(EXCERPTED DATA Opens)

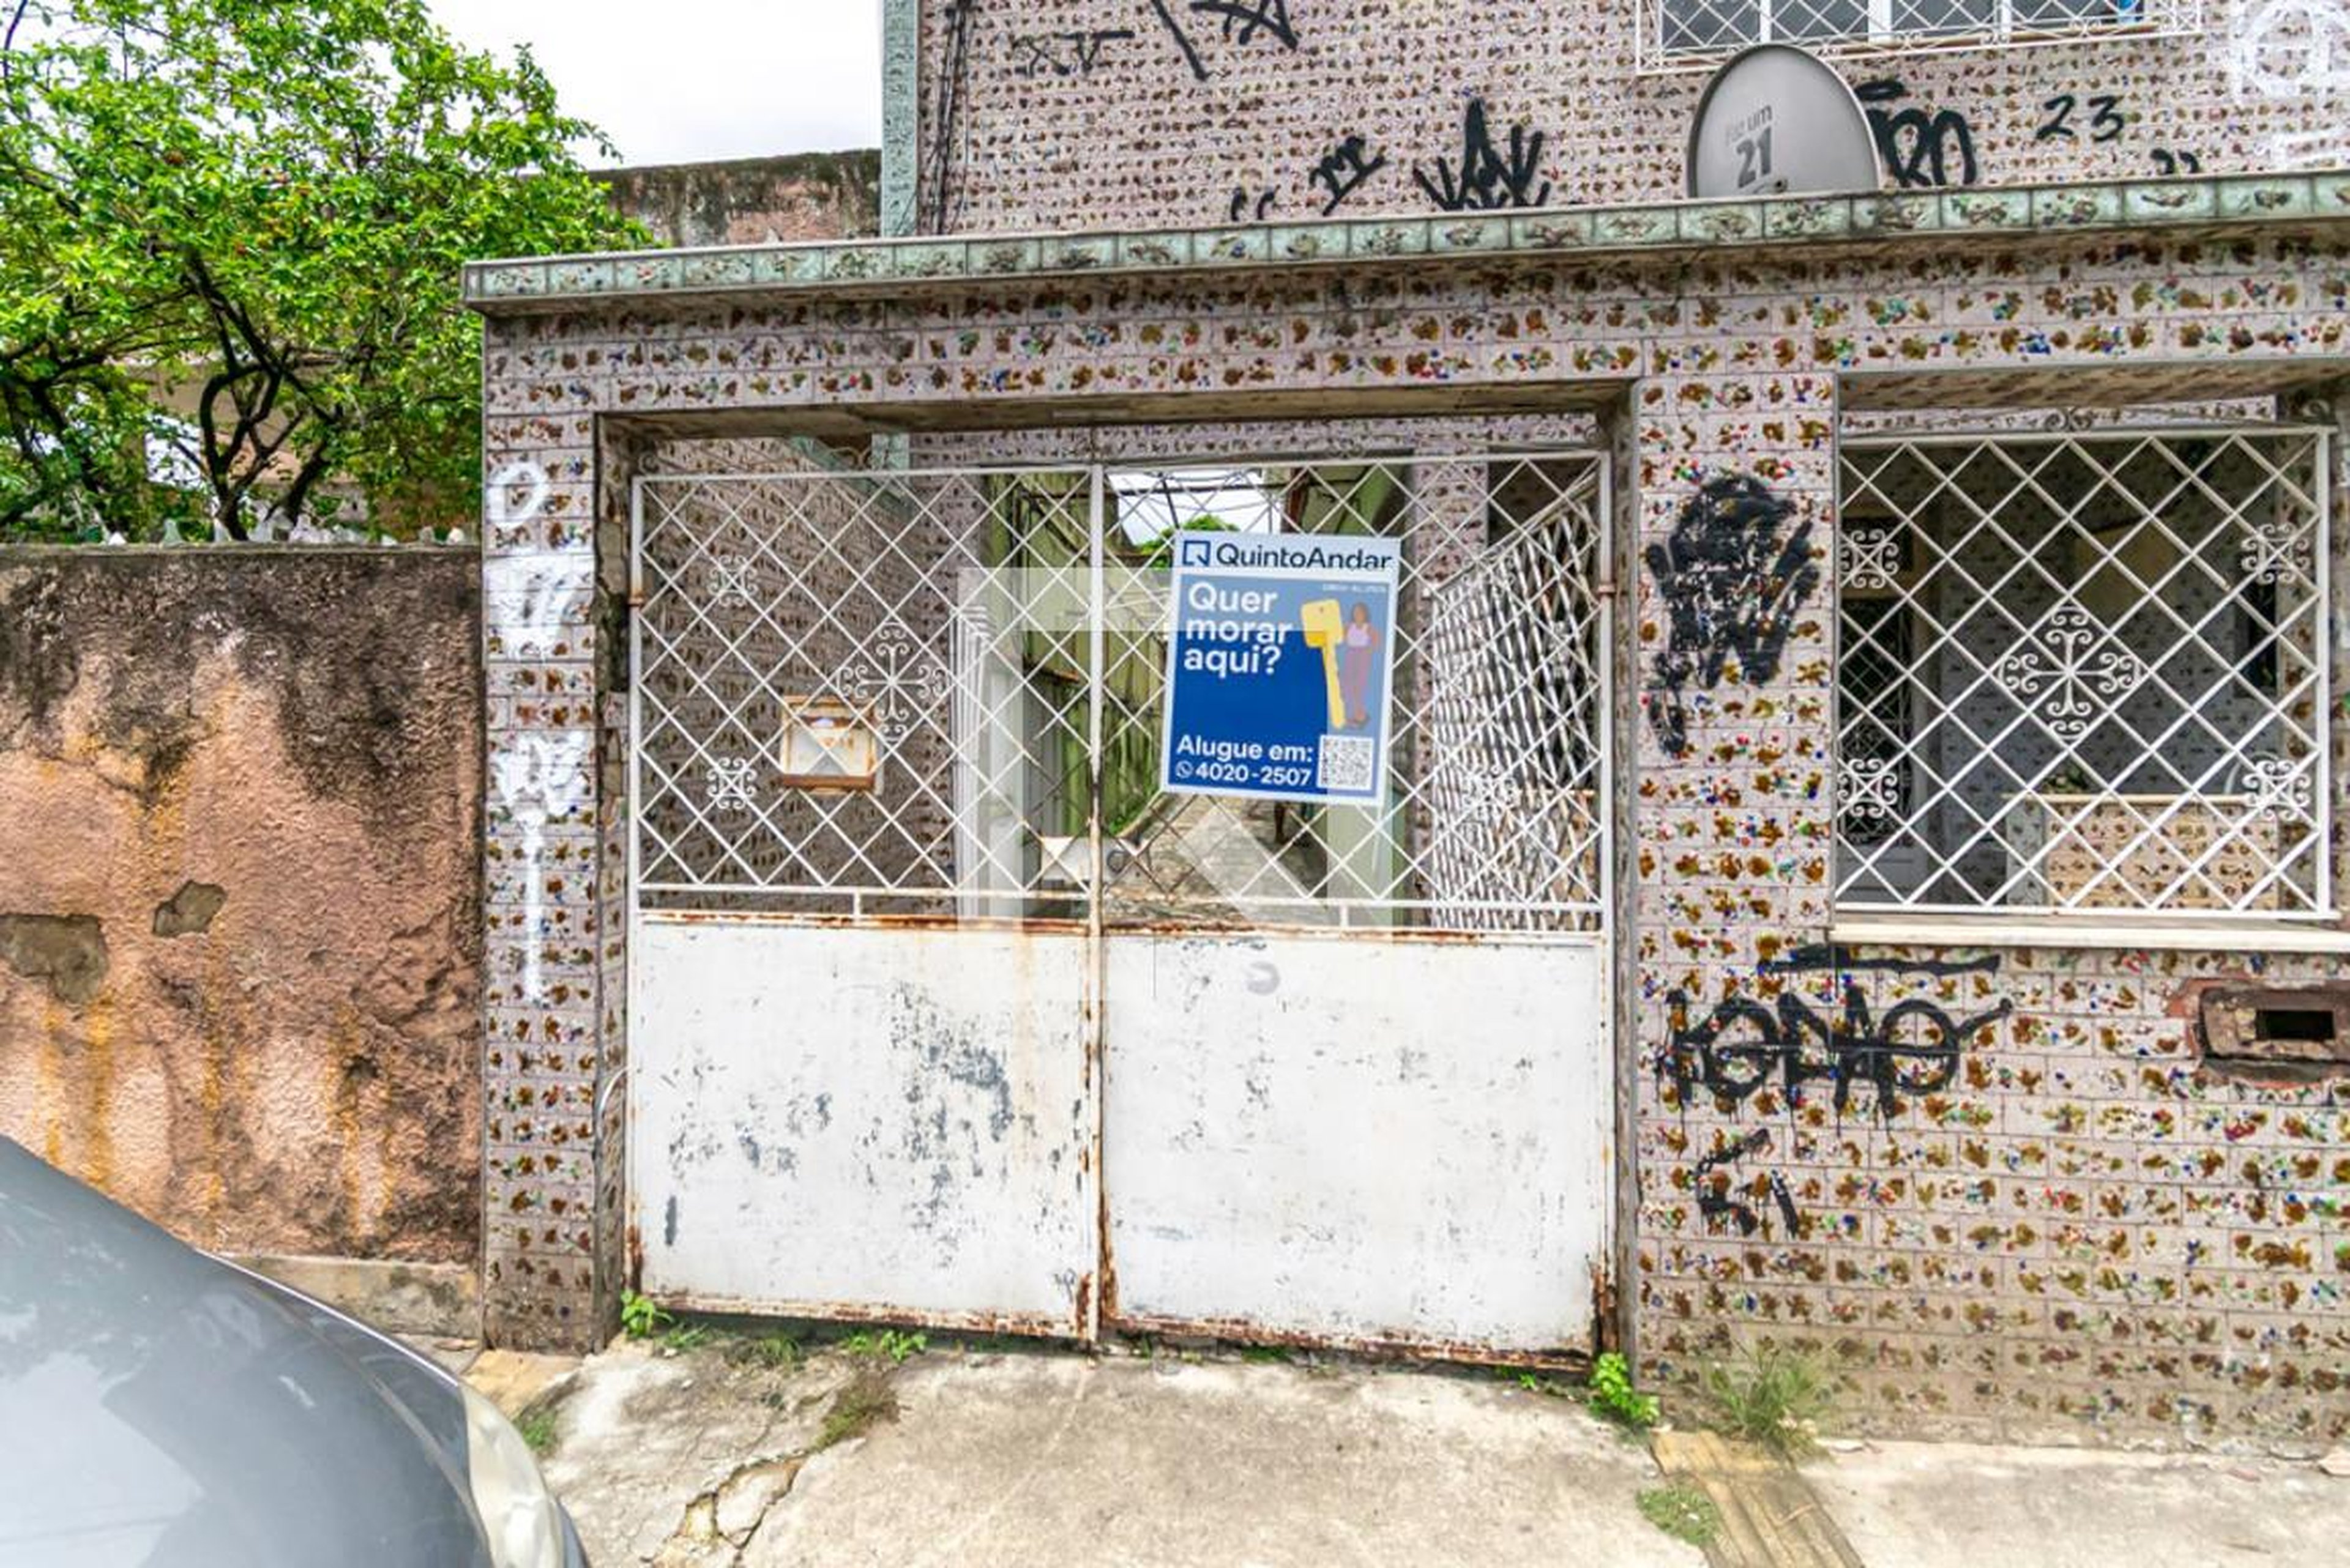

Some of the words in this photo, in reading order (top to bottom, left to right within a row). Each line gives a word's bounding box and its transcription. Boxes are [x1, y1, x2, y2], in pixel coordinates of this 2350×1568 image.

[1736, 125, 1772, 189] 21
[1216, 542, 1392, 570] QuintoAndar
[1188, 581, 1278, 614] Quer
[1185, 619, 1294, 645] morar
[1184, 644, 1281, 679] aqui?
[1176, 734, 1263, 762] Alugue
[1268, 744, 1315, 763] em:
[1195, 761, 1312, 786] 4020-2507

(EXCERPTED DATA Closes)

* YOUR GOAL
Omit every picture while copying the listing above exactly.

* RESULT
Some of the words in this photo, in reading order (top to bottom, left to right within a row). Each line gives a word's bounding box and its transcription. Boxes are [x1, y1, x2, y2], in pixel coordinates of this 2350×1568 image.

[1736, 125, 1772, 189] 21
[1216, 542, 1392, 570] QuintoAndar
[1188, 581, 1278, 614] Quer
[1185, 619, 1294, 645] morar
[1184, 644, 1281, 679] aqui?
[1176, 734, 1263, 762] Alugue
[1268, 744, 1315, 763] em:
[1195, 761, 1312, 786] 4020-2507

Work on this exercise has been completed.